Segment Start: DATA FOR ANALYSIS

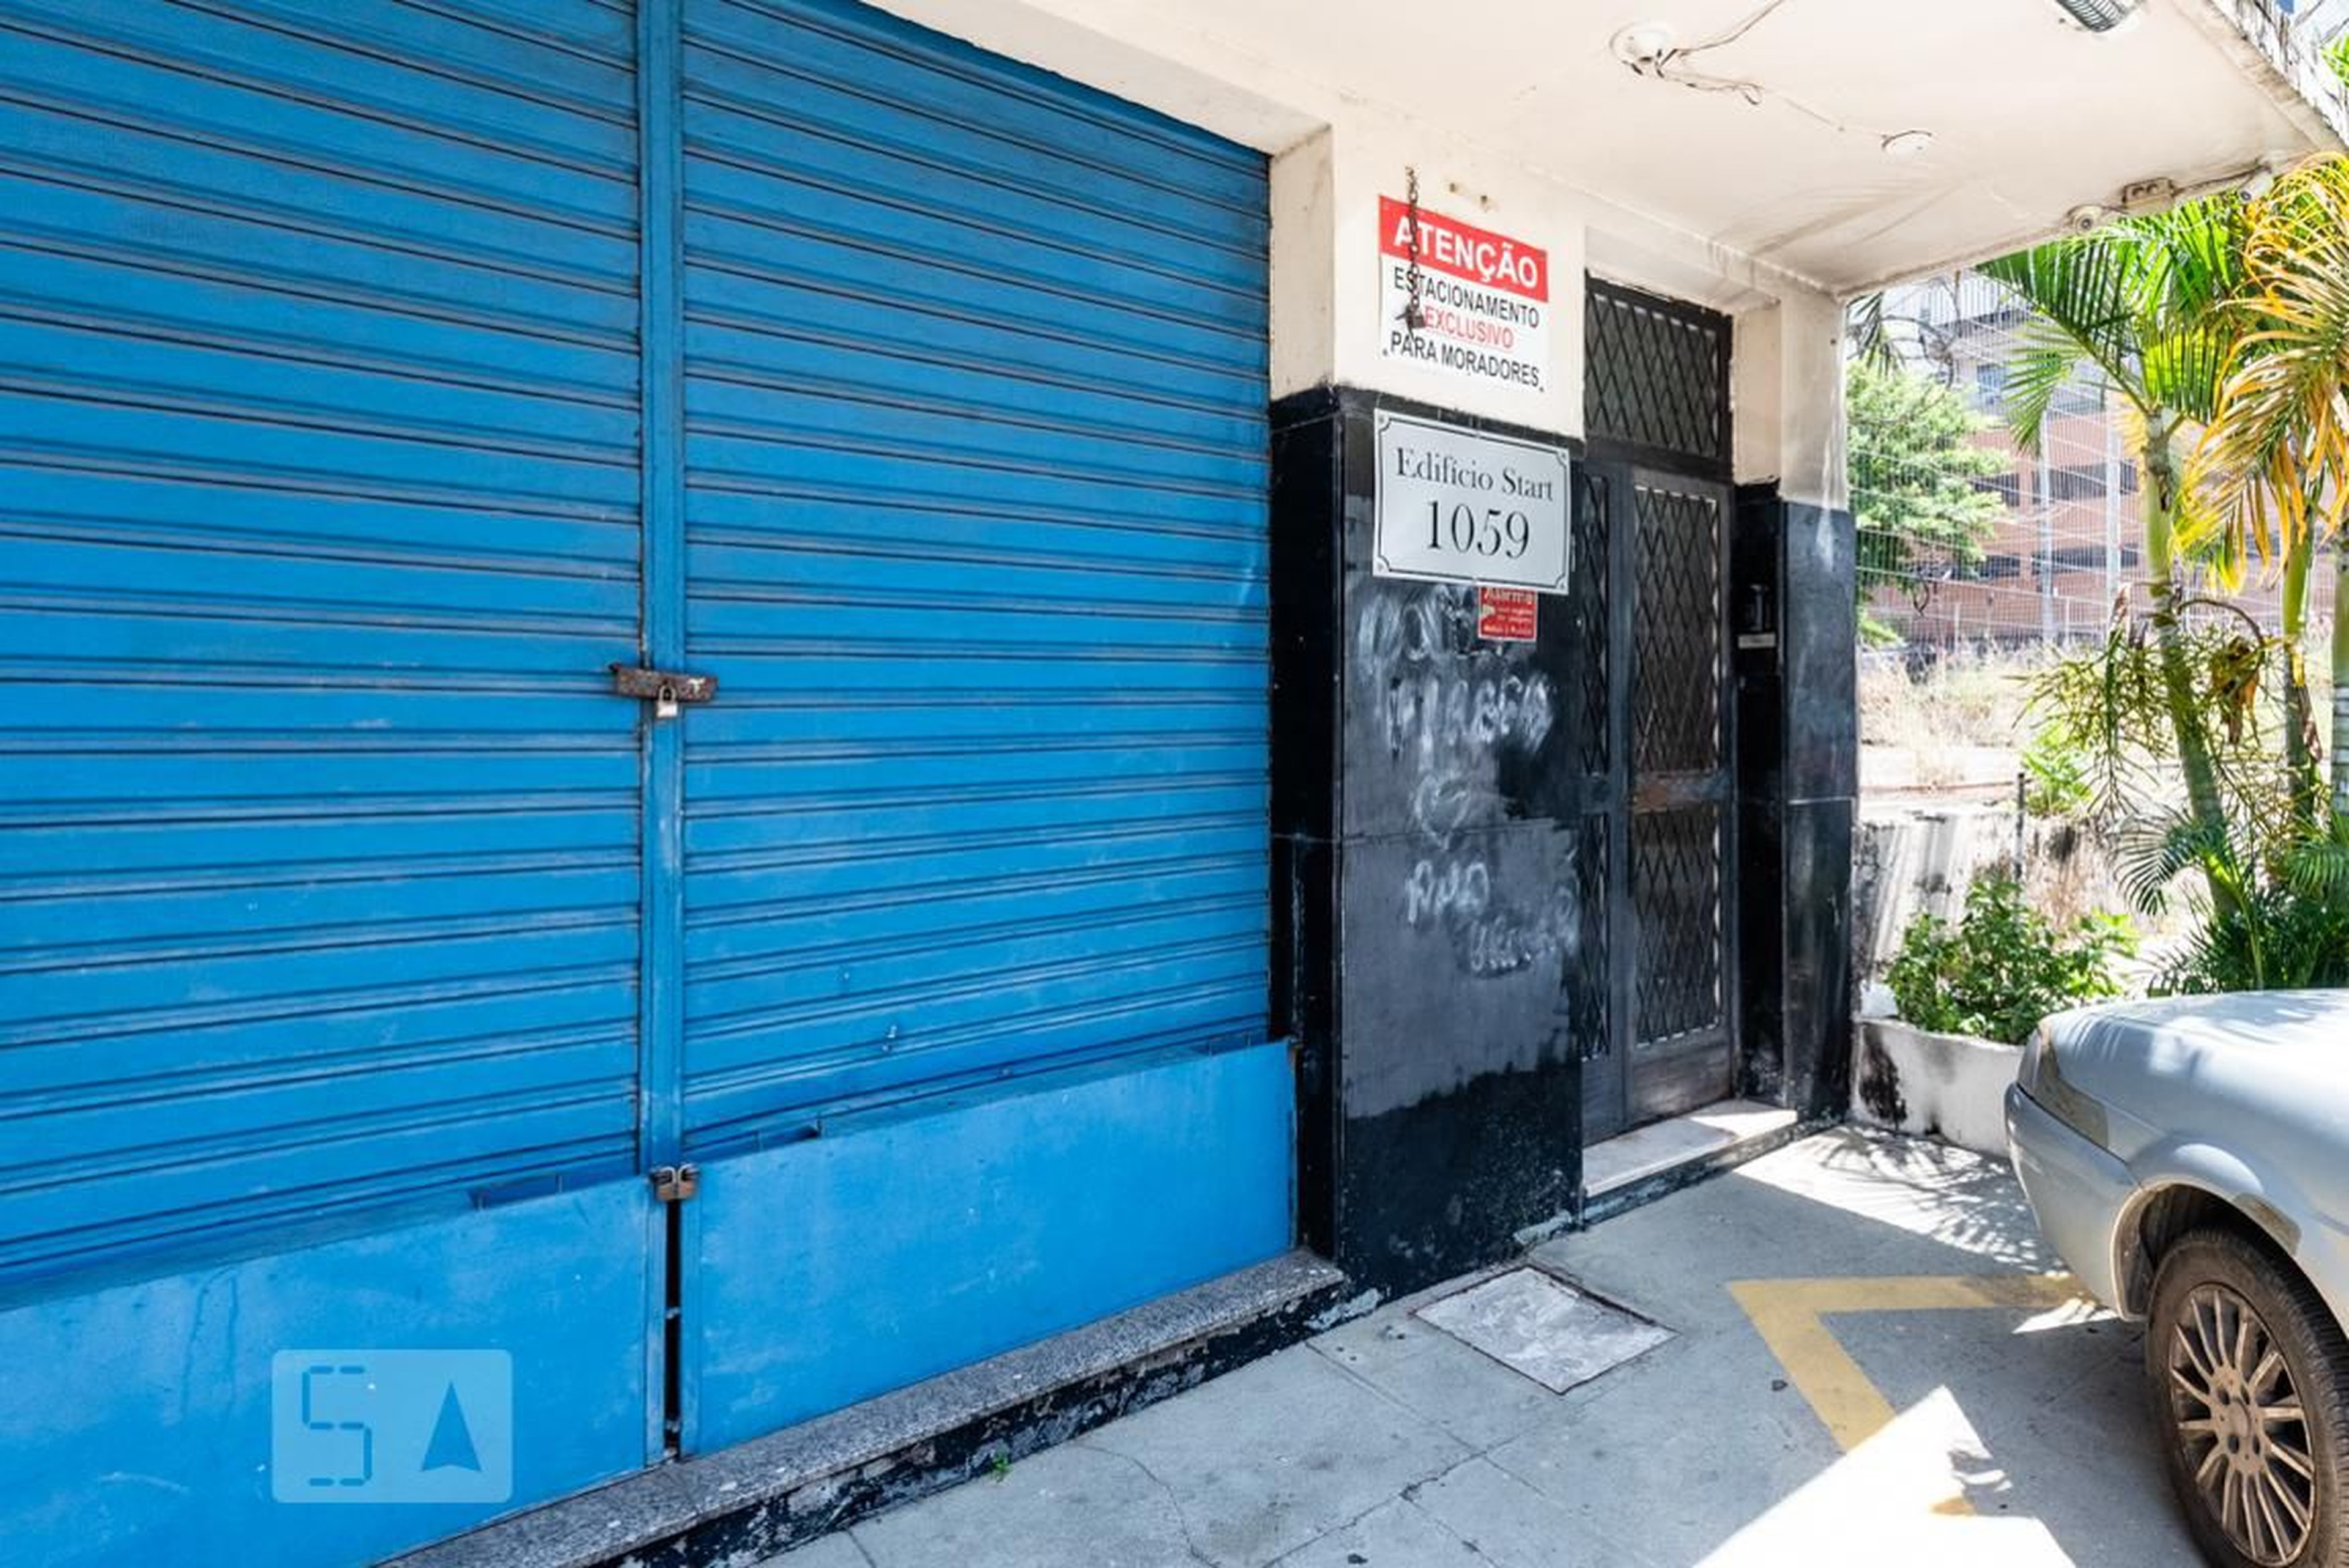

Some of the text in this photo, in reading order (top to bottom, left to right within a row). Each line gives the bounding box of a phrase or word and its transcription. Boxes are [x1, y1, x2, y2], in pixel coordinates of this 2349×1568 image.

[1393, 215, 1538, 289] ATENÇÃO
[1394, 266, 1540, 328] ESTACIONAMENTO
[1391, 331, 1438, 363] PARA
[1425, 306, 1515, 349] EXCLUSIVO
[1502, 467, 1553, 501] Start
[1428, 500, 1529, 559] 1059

Segment End: DATA FOR ANALYSIS

■ **WORK ORDER**
Retype all entries exactly as they appear, dropping the images.

■ **RESPONSE TO THIS EXERCISE**
Some of the text in this photo, in reading order (top to bottom, left to right within a row). Each line gives the bounding box of a phrase or word and its transcription. Boxes are [x1, y1, x2, y2], in pixel coordinates of this 2349×1568 image.

[1393, 215, 1538, 289] ATENÇÃO
[1394, 266, 1540, 328] ESTACIONAMENTO
[1391, 331, 1438, 363] PARA
[1425, 306, 1515, 349] EXCLUSIVO
[1502, 467, 1553, 501] Start
[1428, 500, 1529, 559] 1059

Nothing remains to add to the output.